Study spurs new progress on AIDS vaccines
Efforts to prevent AIDS have been hampered by a biological roadblock: the failure of experimental vaccines to spur the production of effective antibodies against HIV-1, the virus that causes AIDS in humans.
When HIV-1 enters the body, it mutates rapidly. In just one week, it evolves more in a single individual than the influenza A virus does in an entire year all over the world. The immune system responds with antibodies that head for specific bits of protein known as epitopes on the viral surface. To be effective, the antibodies must bind to sections of the virus that cannot change.
Scientists have tried to target just such an area: a patch of protein called GP41 – specifically, a section known as the membrane-proximal external region (MPER). They have fastened a piece of the MPER to protein scaffolds that were injected as vaccines into animals. The resulting antibodies, it was hoped, would cripple the viruses carrying the epitope, preventing HIV-1 from entering cells.
When this technique was tested in animals, however, something puzzling occurred: the antibodies were able to recognize and bind to the scaffold and the MPER epitope, but they failed to neutralize the virus.
Now, a research team at Dana-Farber, Harvard and Northeastern universities, and the National Institutes of Health has uncovered the reason for the antibodies’ seeming ineptitude – reinvigorating a promising line of study in AIDS vaccines and suggesting that antibodies may one day be used as precision tools for performing “surgery” on cell membranes. Their study in Nature Structural & Molecular Biologydescribes the discovery and its implications for future advances against AIDS and other diseases.
Researchers led by Dana-Farber’s Mikyung Kim, PhD, and Ellis Reinherz, MD, examined the interaction between the MPER and a key antibody, 2F5, in extreme detail, finding it to be far more intricate than previously thought – a complex, dynamic encounter in which both structures are subtly reshaped.
“GP41 and the GP120 subunit attached to it are the only viral proteins exposed on the surface of HIV-1,” says Reinherz, the study’s senior author. The bits of protein serve as the virus’s hook for snaring human cells: when the hook binds to its receptor on a cell, the cell and virus fuse, setting the stage for the virus to enter the cell and tamper with its genetic program.
Reinherz and his associates knew that the 2F5 antibody homes in on a “core” section of GP41, a kind of molecular sweet spot at the base of the epitope, where it emerges from HIV-1’s surface. Using nuclear magnetic resonance spectroscopy, electron paramagnetic resonance, and hydrogen-deuterium exchange mass spectrometry, the team took a close-up look at 2F5’s coupling with the MPER.
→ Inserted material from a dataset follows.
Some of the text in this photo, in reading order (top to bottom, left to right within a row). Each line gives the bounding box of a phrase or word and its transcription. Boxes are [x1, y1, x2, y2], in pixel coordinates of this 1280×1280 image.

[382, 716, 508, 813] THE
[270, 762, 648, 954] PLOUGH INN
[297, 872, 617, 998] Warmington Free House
They learned that the antibody interacts with sections of the MPER beside the core region, and found the interaction dramatically changes the shape and structure of 2F5: a looped segment of the antibody becomes a scoop for pulling up an otherwise hidden part of GP41 from the viral surface. Only when it accesses that buried region can the antibody render the virus harmless – much as a munitions expert defuses a bomb by first exposing its inner wiring.
“The discovery solves the paradox of why antibodies generated in response to the core region of the antibody have proven ineffective in neutralizing HIV-1,” says Kim, the study’s first author. More research is needed to learn whether vaccines based on larger sections of GP41 can better protect against HIV-1 infection.
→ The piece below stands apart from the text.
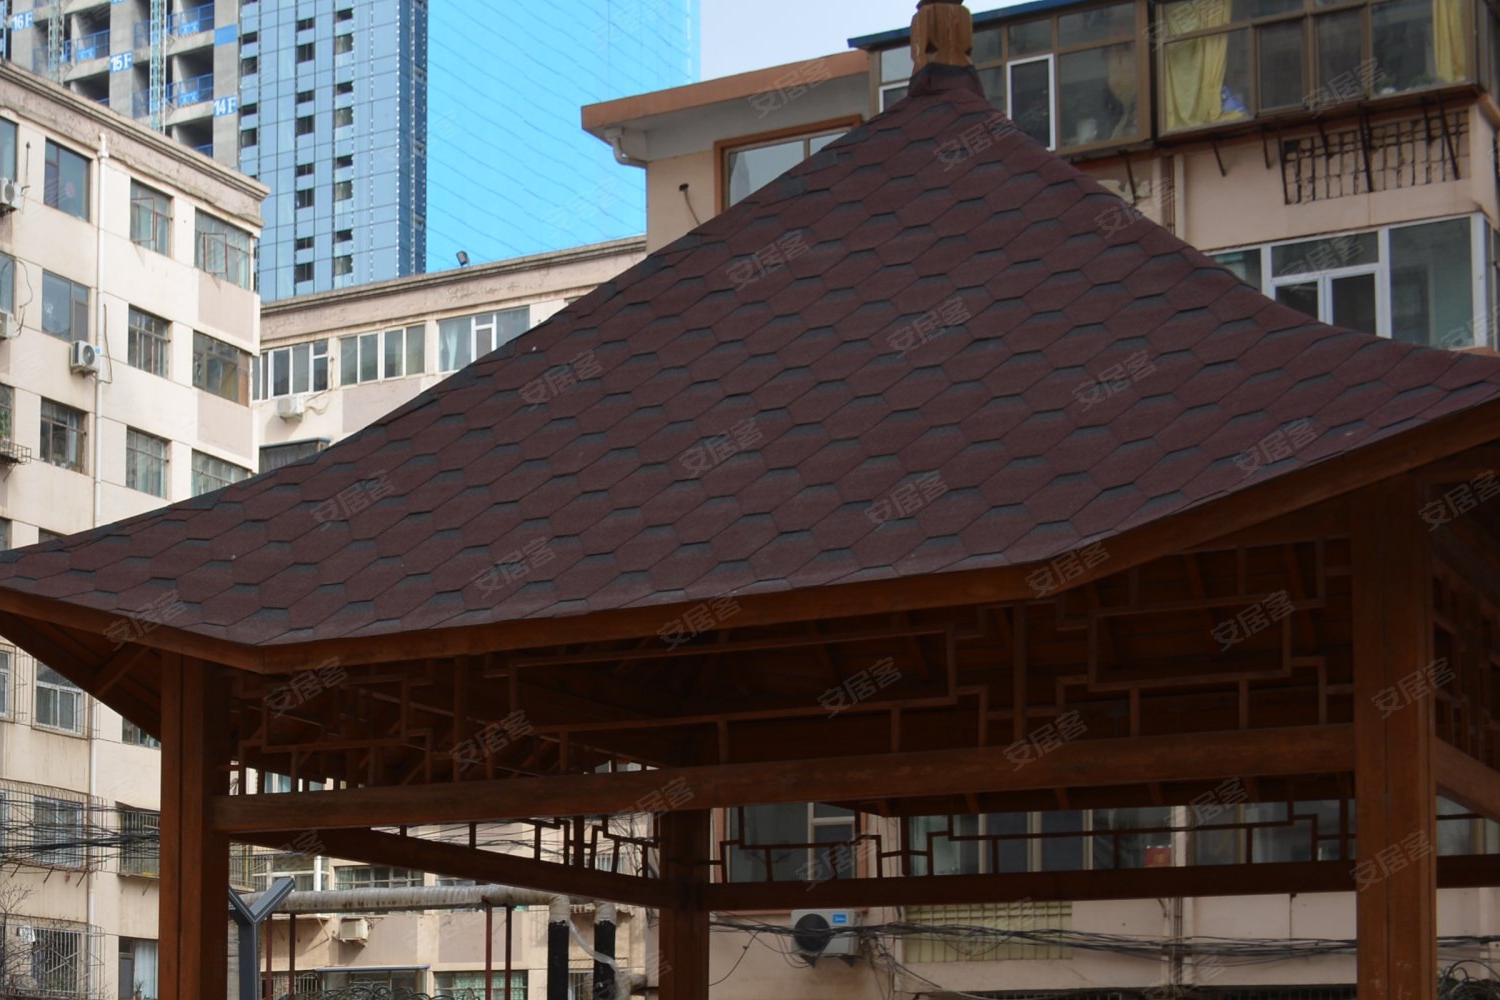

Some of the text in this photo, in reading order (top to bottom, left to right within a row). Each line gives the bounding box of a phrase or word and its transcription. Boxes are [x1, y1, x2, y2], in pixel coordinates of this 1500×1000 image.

[12, 11, 33, 30] 16F
[111, 52, 132, 72] 15F
[214, 97, 237, 116] 14F
Antibodies’ ability to change the structure of their target molecule is not limited to 2F5. The new study raises the possiblity that antibodies can function as “nanotools” – tiny knives or extractors – for surgically operating on the surface of individual cells, the authors say.
Contributing to the study were Dana-Farber’s Likai Song, MD, PhD, Yuxing Cheng, Shreoshi Majumdar, and Jia-Huai Wang, PhD; Kasper D. Rand, PhD, Xiaomeng Shi, and John R. Engen, PhD, of Northeastern; Zhen-Yu J. Sun, PhD, Amr F. Fahmy, PhD, and Gerhard Wagner, PhD, of Harvard Medical School; and Gilad Ofek, PhD, Yongping Yang, PhD, and Peter D. Kwong, PhD, from the National Institutes of Health. The multidisciplinary tem was funded by the Division of AIDS at the National Institute of Allergy and Infectious Disease and the Bill & Melinda Gates Foundation.